Bibtex Paper Supplemental

Authors

Parshin Shojaee, Kazem Meidani, Amir Barati Farimani, Chandan Reddy

Abstract

Symbolic regression (SR) is a challenging task in machine learning that involves finding a mathematical expression for a function based on its values. Recent advancements in SR have demonstrated the effectiveness of pre-trained transformer models in generating equations as sequences, leveraging large-scale pre-training on synthetic datasets and offering notable advantages in terms of inference time over classical Genetic Programming (GP) methods. However, these models primarily rely on supervised pre-training objectives borrowed from text generation and overlook equation discovery goals like accuracy and complexity. To address this, we propose TPSR, a Transformer-based Planning strategy for Symbolic Regression that incorporates Monte Carlo Tree Search planning algorithm into the transformer decoding process.

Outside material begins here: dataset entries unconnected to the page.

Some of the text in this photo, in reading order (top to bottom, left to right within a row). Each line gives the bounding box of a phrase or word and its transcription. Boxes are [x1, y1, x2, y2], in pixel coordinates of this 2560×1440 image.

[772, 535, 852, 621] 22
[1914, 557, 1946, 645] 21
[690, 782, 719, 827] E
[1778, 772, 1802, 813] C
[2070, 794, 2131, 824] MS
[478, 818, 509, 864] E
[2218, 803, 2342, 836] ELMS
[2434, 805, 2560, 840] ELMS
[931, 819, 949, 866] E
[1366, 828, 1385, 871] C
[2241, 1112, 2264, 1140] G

Unlike conventional decoding strategies, TPSR enables the integration of non-differentiable equation verification feedback, such as fitting accuracy and complexity, as external sources of knowledge into the transformer equation generation process. Extensive experiments on various datasets show that our approach outperforms state-of-the-art methods, enhancing the model's fitting-complexity trade-off, extrapolation abilities, and robustness to noise.